Many of the times, research data available in data science is in matlab format. So if you want to analyze that data through spark you have to have a way to convert matlab files to spark rdd’s. This post I am going to discuss about using open source JMatIO library to convert matlab files to spark rdd’s.
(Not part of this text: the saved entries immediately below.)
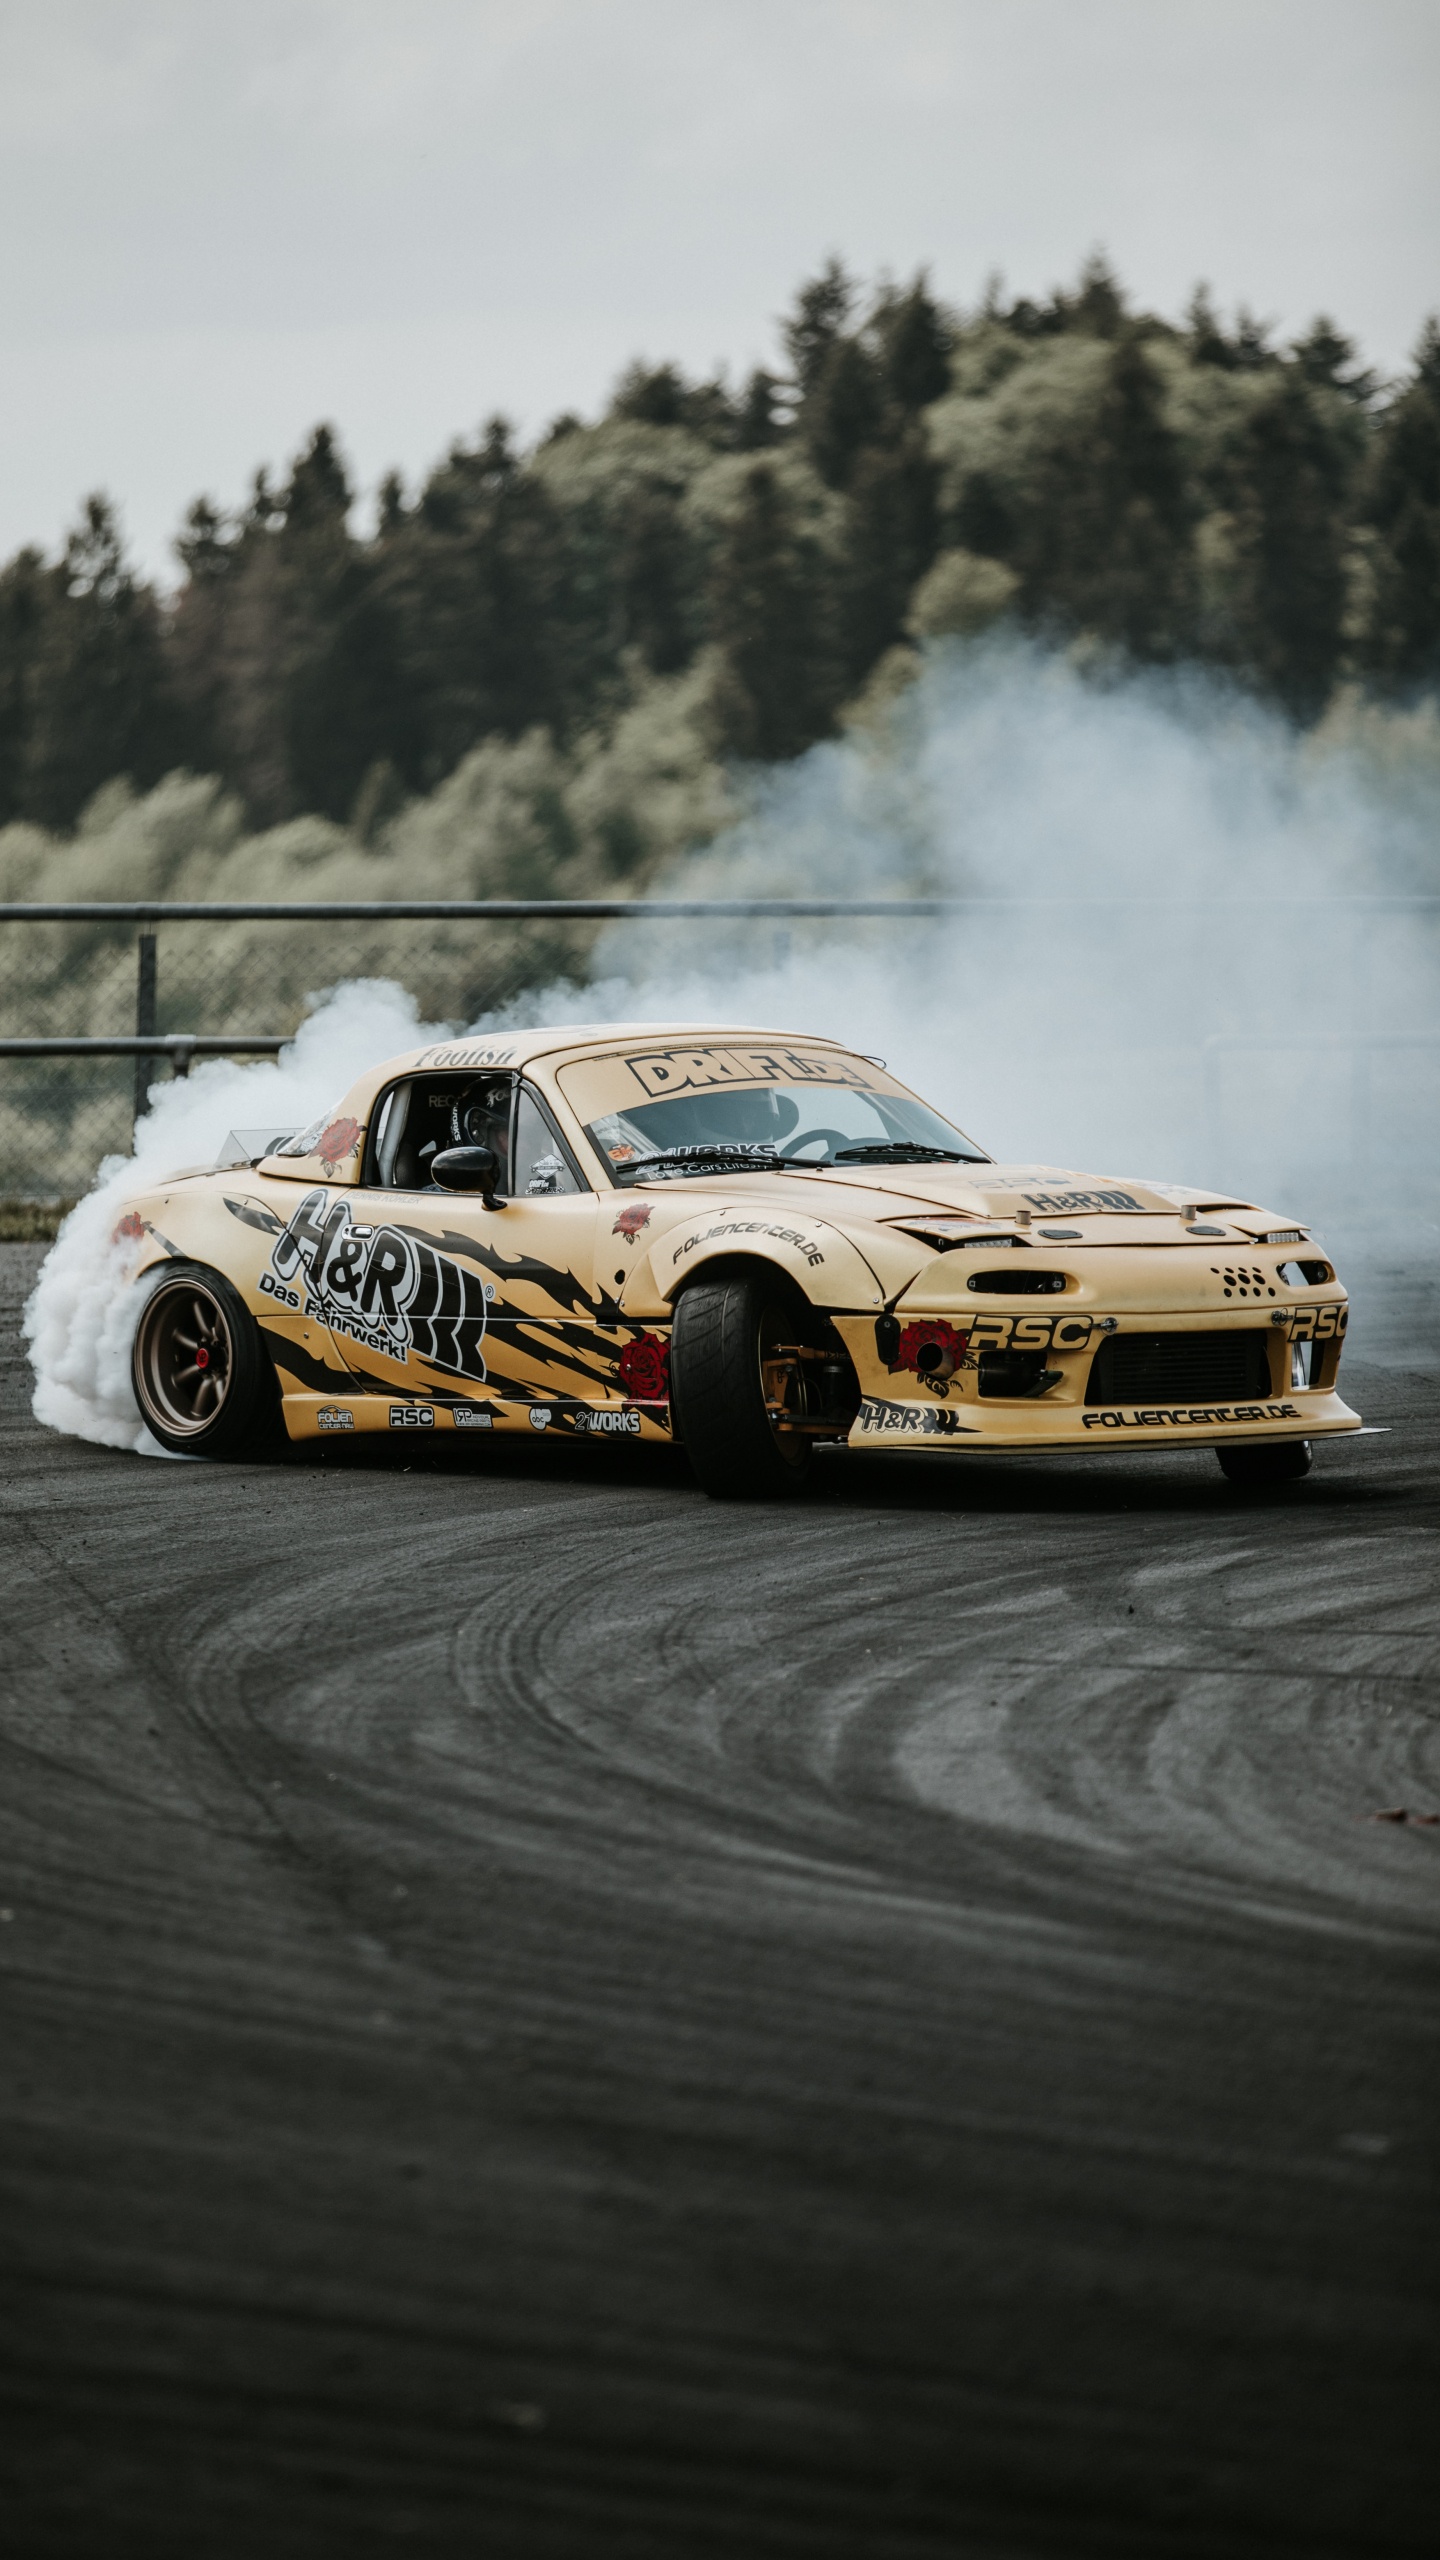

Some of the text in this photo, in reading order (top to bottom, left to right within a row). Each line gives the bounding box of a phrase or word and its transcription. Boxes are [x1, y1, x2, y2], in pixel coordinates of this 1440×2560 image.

[411, 1046, 517, 1068] Foolish
[1021, 1190, 1104, 1213] H&R
[258, 1273, 407, 1363] Das Fahrwerk!
[968, 1316, 1091, 1350] RSC
[391, 1408, 434, 1426] RSC
[574, 1411, 641, 1432] 21WORKS
[861, 1405, 925, 1433] H&R
[1081, 1404, 1303, 1429] FOLIENCENTER.DE
##JMatIO - Matlab’s MAT-file I/O in JAVA

JMatIO is an open source library provided to read matlab files in java. We can use this to read matlab files in spark also. You can download jar from here or if you are using maven , you can add the following dependency

  <dependency>
    <groupId>net.sourceforge.jmatio</groupId>
    <artifactId>jmatio</artifactId>
    <version>1.0</version>
  </dependency>

Reading a mat file

We are going to use mnsit mat file for this example. It has following four matrix in it

  1. train_x - train data x features
  2. train_y - train data labels
  3. test_x - test data x features
  4. test_y - test data labels

Follow the following steps to read these matrices and store them as RDD.

  • Reading mat file using JMatIO
val file = new MatFileReader("src/main/resources/mnist_uint8.mat")
val content = file.getContent  
  • Getting specific Matlab variable from content
 val train_x = content.get("train_x").asInstanceOf[MLUInt8].getArray
 val train_y = content.get("train_y").asInstanceOf[MLUInt8].getArray

Casting to MLUInt8 says that array content is integers.
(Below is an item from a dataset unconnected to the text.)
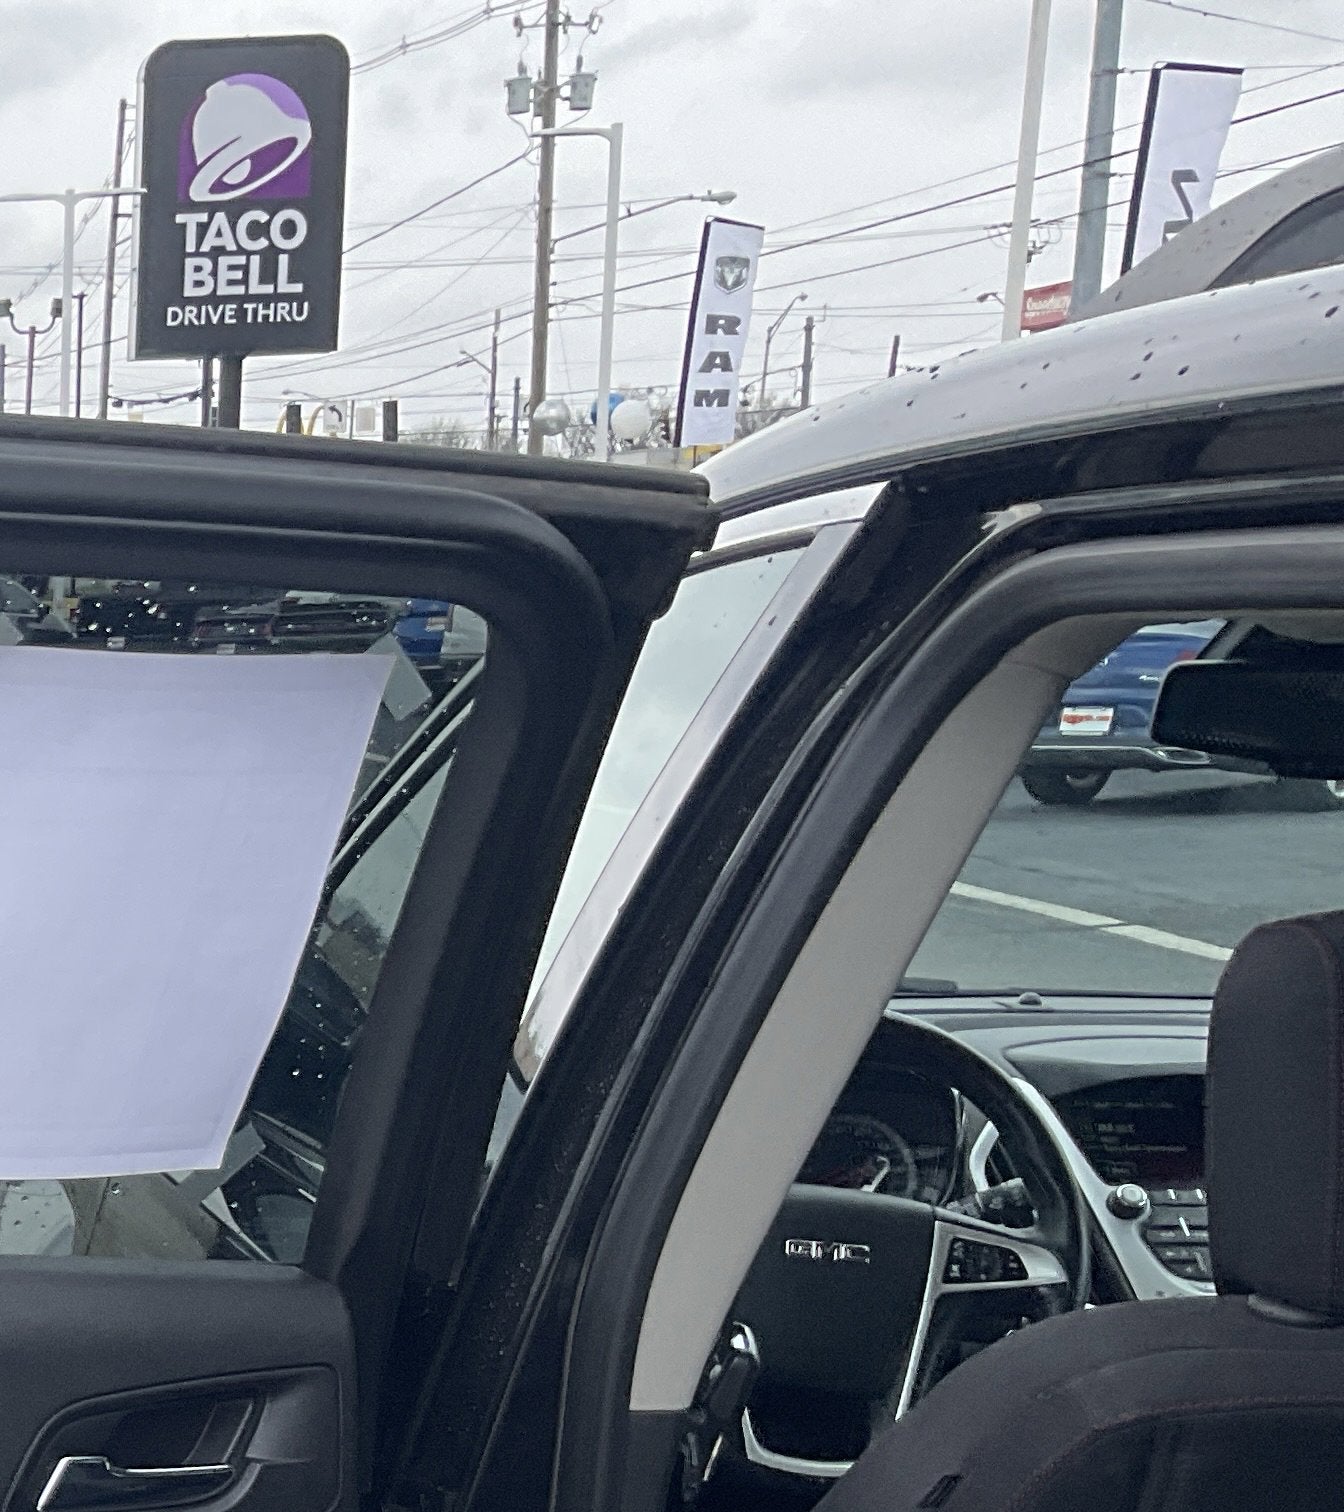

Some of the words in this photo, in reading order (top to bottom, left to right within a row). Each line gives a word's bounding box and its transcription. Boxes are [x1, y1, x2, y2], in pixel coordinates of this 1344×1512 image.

  • Converting Matlab arrays to spark label point rdd
val trainList = toList(train_x,train_y)
val trainRDD = sparkContext.makeRDD(trainList)
  • toList method
    Here we take both X and Y vector and converting to a Spark Labeled point which is used in most of the classification algorithms.
 def toList(xValue:Array[Array[Byte]],yValue:Array[Array[Byte]]):
 Array[(Double,Vector)] ={
     xValue.zipWithIndex.map{
       case (row,rowIndex) => {
         val features = row.map(value => value.toDouble)
         val label = yValue(rowIndex)(0).toDouble
         (label,Vectors.dense(features))
       }
     }
   }

“toDouble” is used as spark label point expects all values to be in double.

  • Saving rdd for further processing
trainRDD.saveAsObjectFile("mnsit")